C.W. Chun (2009) insiste sur la valeur humaine des romans graphiques, déclarant que le roman graphique peut potentiellement influencer la vie des apprenants. La lecture de ces récits à la puissance narrative donne aux apprenants le sens de l’appropriation de ces textes par leur engagement intellectuel et émotionnel.

Malgré la nature prolifique des romans graphiques, plusieurs enseignants préfèrent l’utilisation des textes traditionnels dans l’apprentissage et « teach a one-dimensional concept

of literacy, while students learn to negociate their out-of-school experiences with images via… personal trial and error, peers, anf from the media itself » (C. Gillenwater, 2009 : 33).

Pour Gillenwater, on enseigne souvent un concept unidimensionnel de l’apprentissage, tandis que les apprenants négocient leurs expériences extrascolaires avec des images à travers des épreuves et des erreurs personnelles qu’ils rencontrent, ainsi que des médias auxquels ils sont confrontés chaque jour.

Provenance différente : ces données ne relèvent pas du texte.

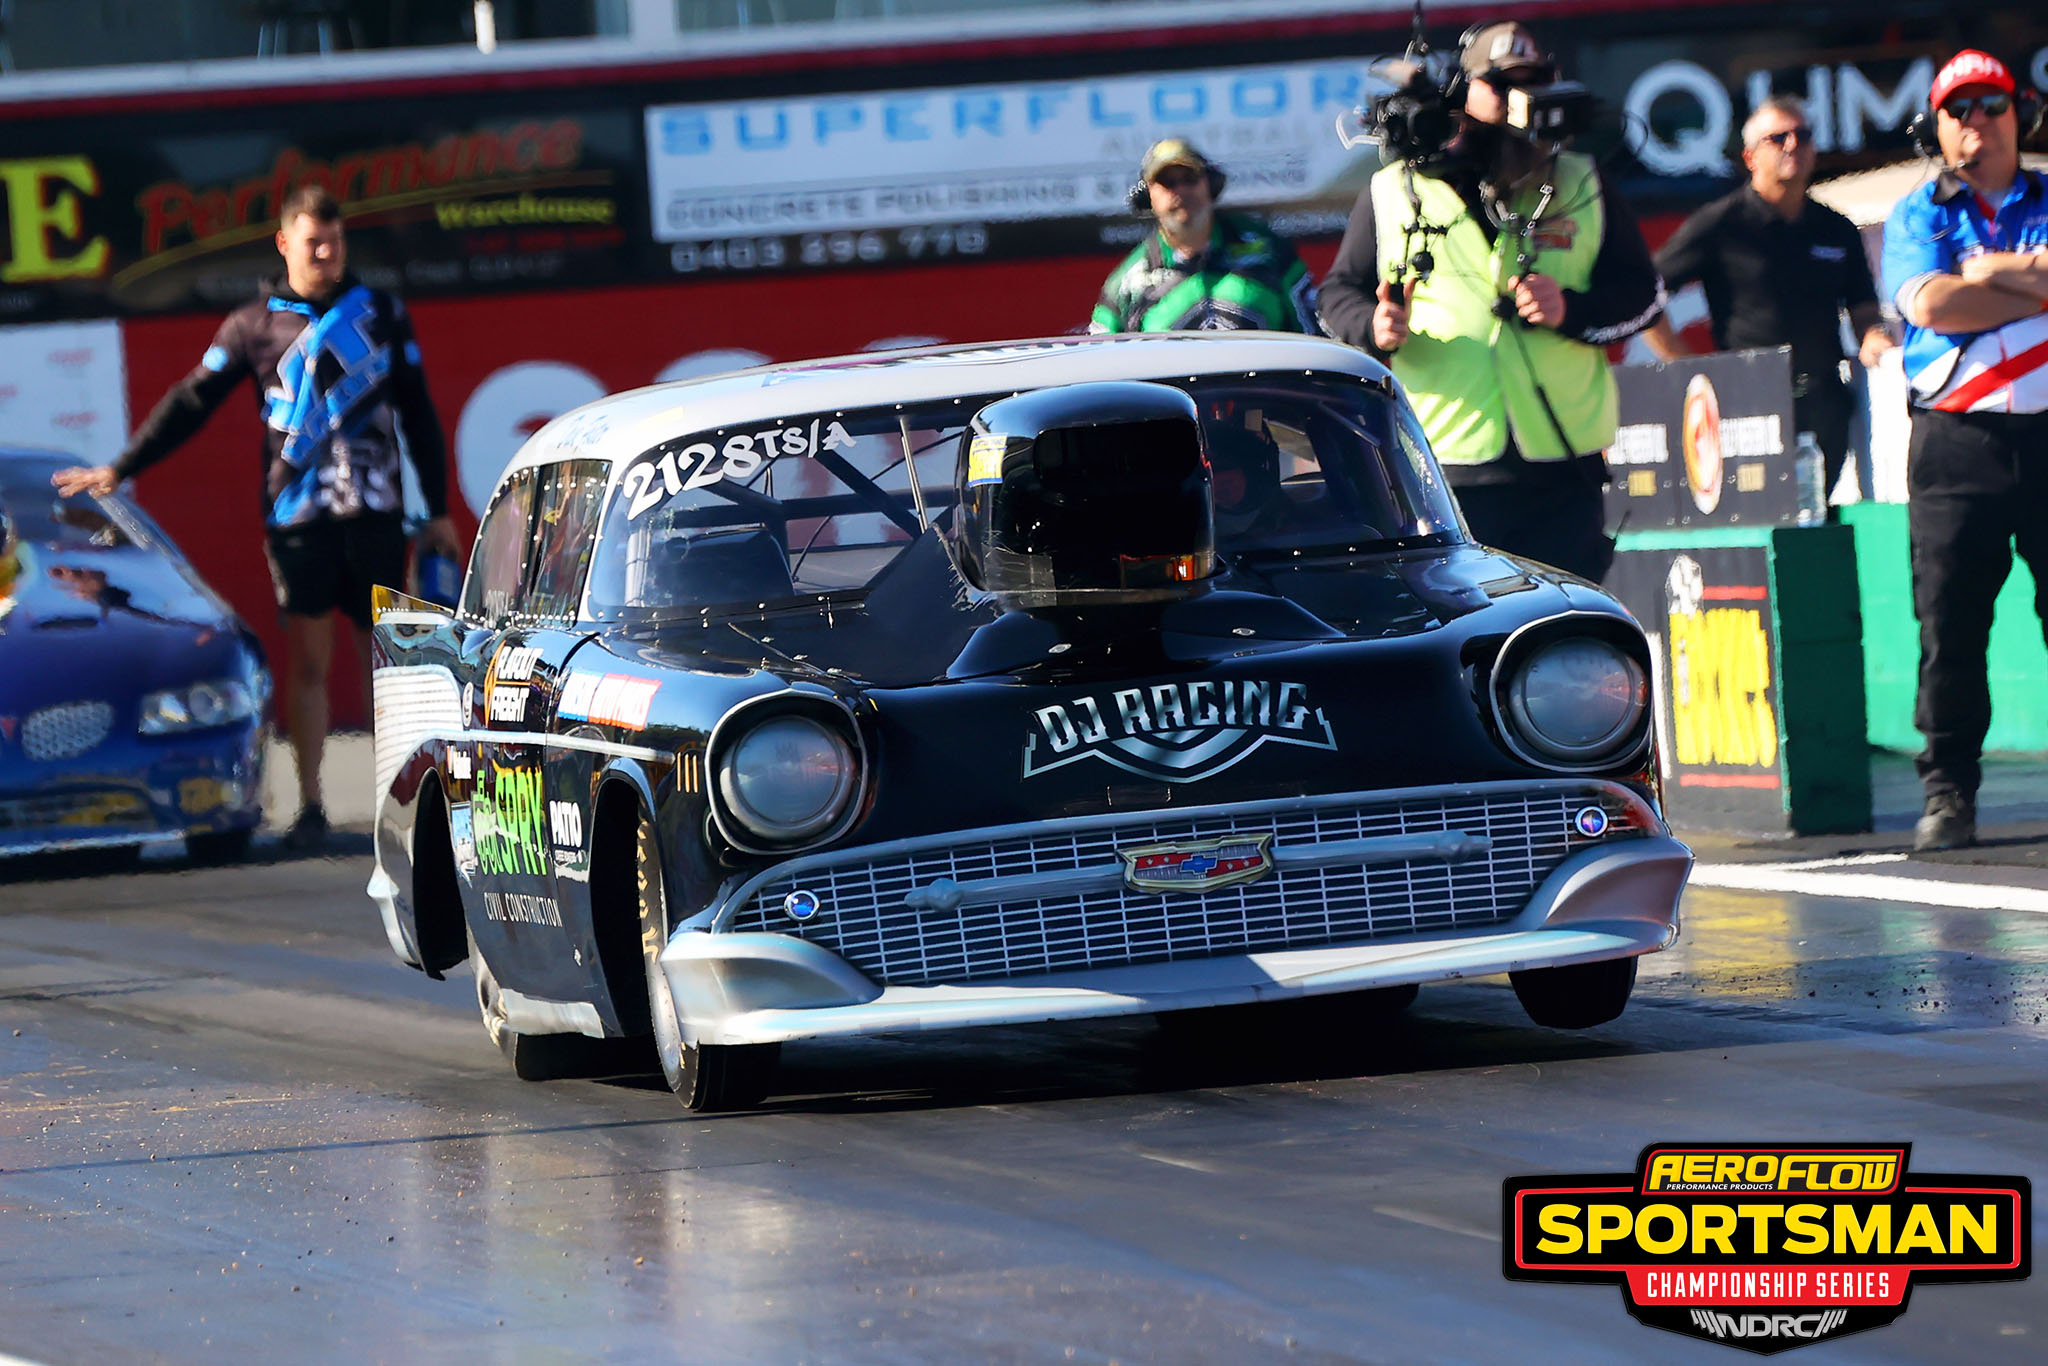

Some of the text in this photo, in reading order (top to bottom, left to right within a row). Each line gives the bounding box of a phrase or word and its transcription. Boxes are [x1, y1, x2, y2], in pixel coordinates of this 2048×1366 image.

Finalement, les histoires racontées sous forme de romans graphiques permettent différentes utilisations. En jouant avec la présentation de ces derniers, le dialogue écrit et le récit peuvent être simultanément utilisés dans l’enseignement/apprentissage de la langue. En ouvrant la porte aux romans graphiques au sein de notre classe, on pourrait apporter un nouveau monde aux apprenants à explorer.